GPS of the brain does a lot more than navigation

Authored by ervse.com and submitted by Mattroeing
image for GPS of the brain does a lot more than navigation

The brain part which creates mental maps of our environment plays a much bigger function in learning and memory than we earlier thought. This is as per a new research published this week in the Nature journal by Princeton University researchers. These researchers have discovered that those same brain areas are active when the brain is discovering a very different form of environment, one consisting listening to sounds. They observed neural action as the rats listened and reacted to several sounds, and discovered same firing patterns to those seen when rats are exploring their environments.

Through giving the rats a different assignment, such as sound exploring, the researchers might observe proof of cognitive activities in the hippocampal-entorhinal circuit. They picked sound as an analogy to space since both can vary along a continuum: the rats can explore ever-increasing frequencies, in the same manner, they would move forward along a lengthy corridor. To test the concept, the researchers observed the electrical activity of neurons in the hippocampal and entorhinal regions as the rats controlled sounds and discovered to relate several sound frequencies with rewards.

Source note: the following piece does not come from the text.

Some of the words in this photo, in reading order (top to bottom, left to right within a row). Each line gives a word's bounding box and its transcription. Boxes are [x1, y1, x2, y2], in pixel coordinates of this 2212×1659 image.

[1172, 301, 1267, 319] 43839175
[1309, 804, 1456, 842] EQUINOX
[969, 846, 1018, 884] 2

The researchers then trained the rats to reduce a lever to increase the pitch, or frequency, of a tone being played over a speaker. The rats learned that if they let go of the lever when the tone attained a predetermined frequency range, they would be awarded. They noted that the patterns of neuronal firing related to the rats’ behavior during the assignment. A series of neural activity were produced through the frequencies progression, analogous to the sequences produced during traversing a progression of places in space.

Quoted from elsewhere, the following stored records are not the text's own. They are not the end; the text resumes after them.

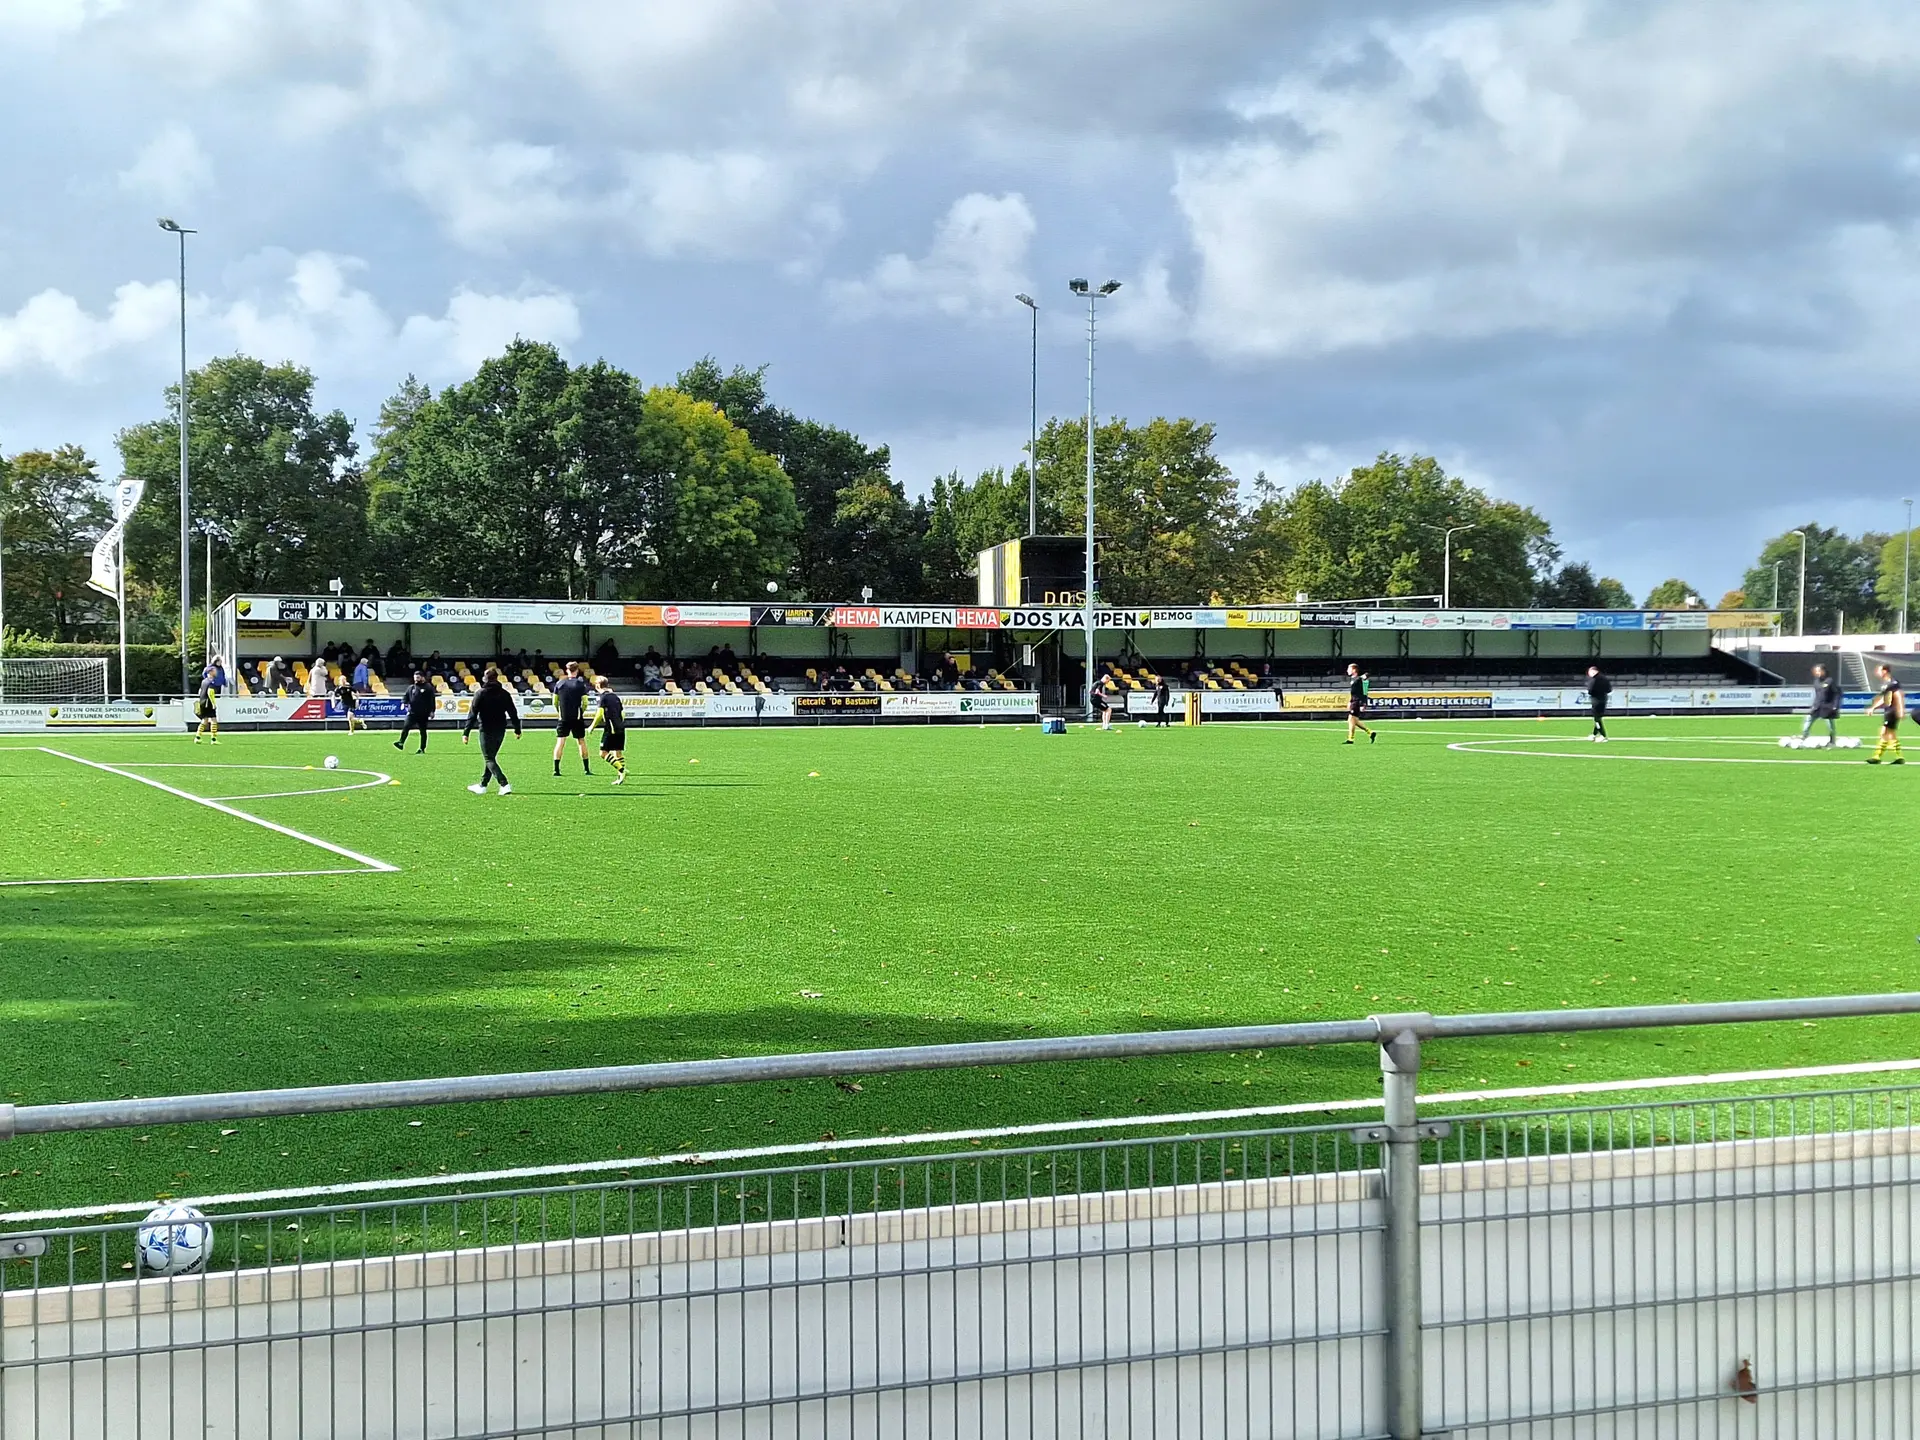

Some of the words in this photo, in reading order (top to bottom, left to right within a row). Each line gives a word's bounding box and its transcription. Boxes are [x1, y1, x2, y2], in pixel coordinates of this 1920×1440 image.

[279, 600, 306, 610] Grand
[282, 610, 303, 620] Café
[308, 601, 378, 620] EFES
[437, 608, 489, 616] BROEKHUIS
[785, 609, 814, 617] HARRY'S
[836, 610, 879, 625] HEMA
[884, 611, 952, 625] KAMPEN
[956, 611, 997, 625] HEMA
[1013, 612, 1053, 627] DOS
[1153, 612, 1193, 620] BEMOG
[1247, 611, 1298, 624] JUMBO
[1578, 611, 1613, 625] Primo
[659, 698, 690, 706] KAMPEN
[797, 697, 826, 706] Eetcafé
[974, 698, 1034, 706] PUURTUINEN
[1367, 698, 1400, 706] LFSMA
[1402, 698, 1491, 706] DAKBEDEKKINGEN
[235, 707, 268, 715] HABOVO

The discovery matches with how we think about mapping our environment in the situation of discovering new places and making memories of experiences.

samisjiggy on April 17th, 2017 at 09:04 UTC »

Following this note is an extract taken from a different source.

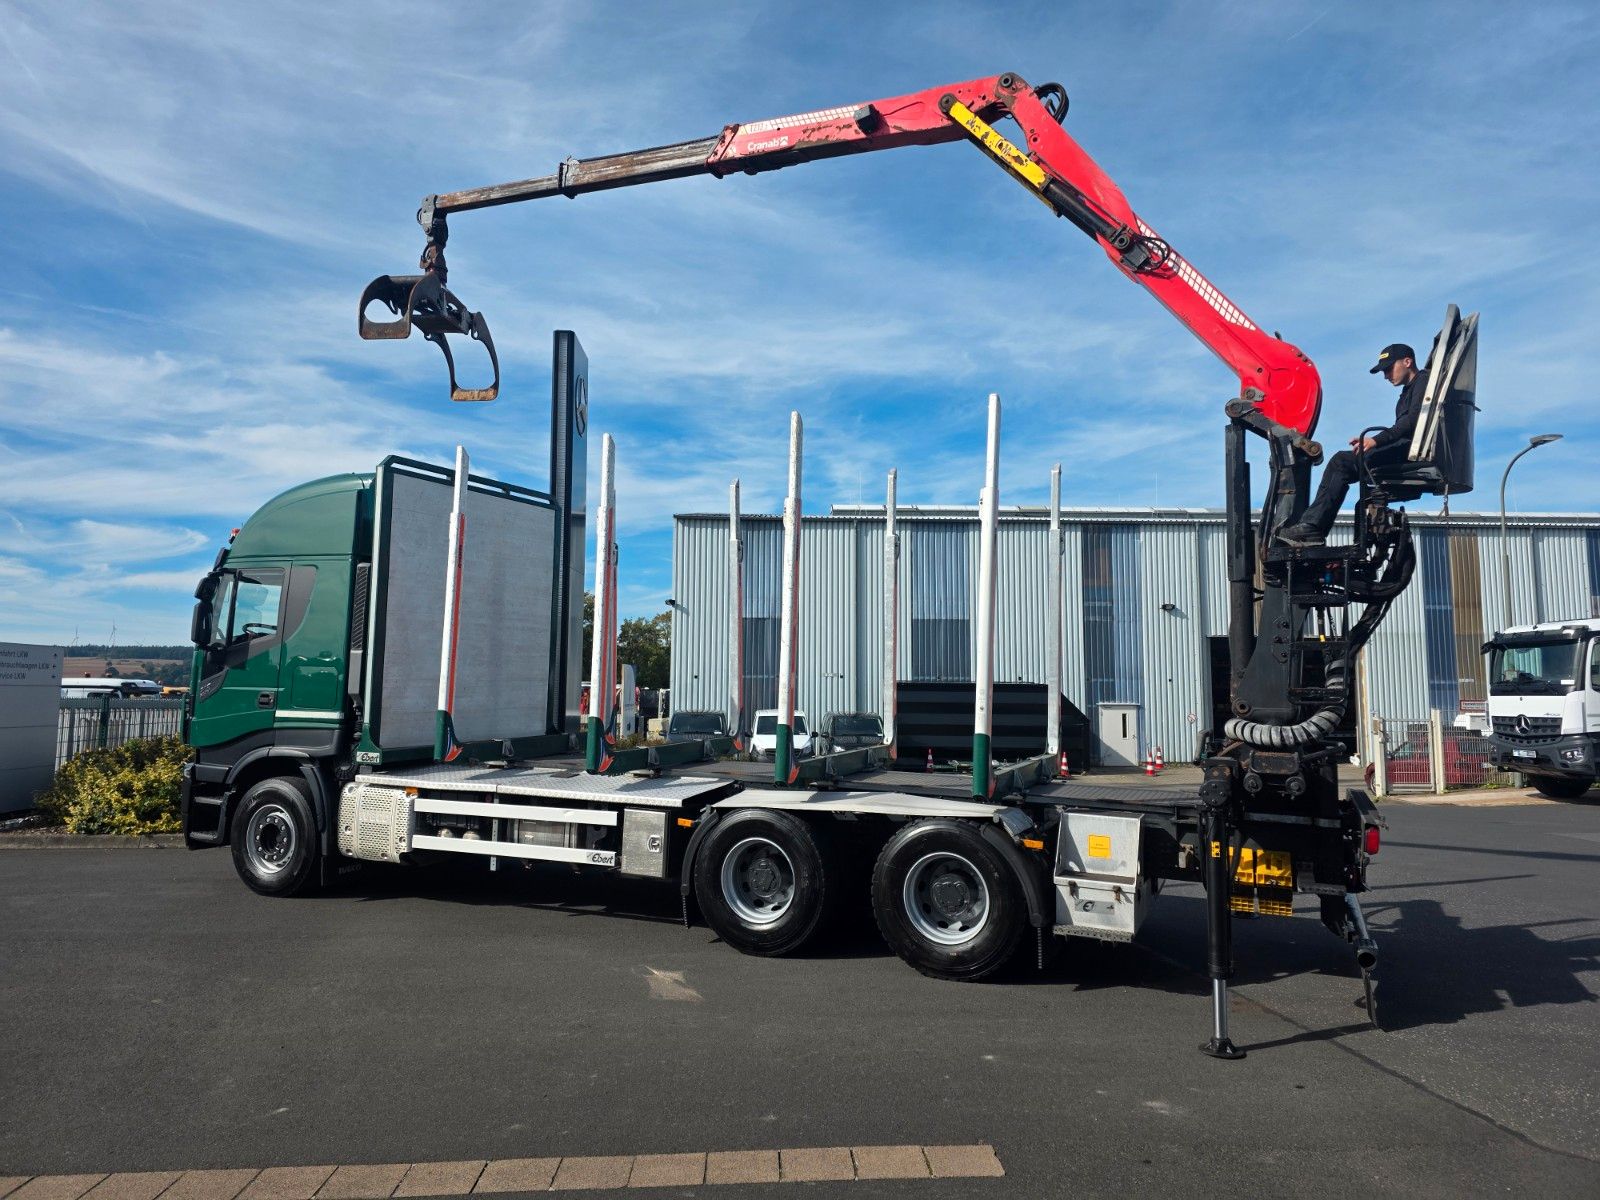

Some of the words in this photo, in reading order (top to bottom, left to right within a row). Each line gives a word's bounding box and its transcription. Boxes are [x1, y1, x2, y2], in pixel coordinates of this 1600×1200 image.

[747, 138, 780, 150] Cranab
[362, 753, 379, 763] Ebert
[592, 853, 613, 864] Ebert

Call me crazy but I think this article was written by an algorithm.

19760408 on April 17th, 2017 at 06:27 UTC »

I have no brain GPS. Which makes sense. Some people must have a more developed and better form of this. I'm not kidding when I say that I get lost everywhere: video games, new towns, indoors, on the lake. I must fall in the lowest end of this curve. I am extraordinarily bad.

SashasSpirit on April 17th, 2017 at 06:20 UTC »

Is this why memory palaces work? From my understanding we're designed to memorize places and directions natively. It makes sense. But long lists of data trouble us, so some place information along a mental path through a memory of a familiar place or create one all together.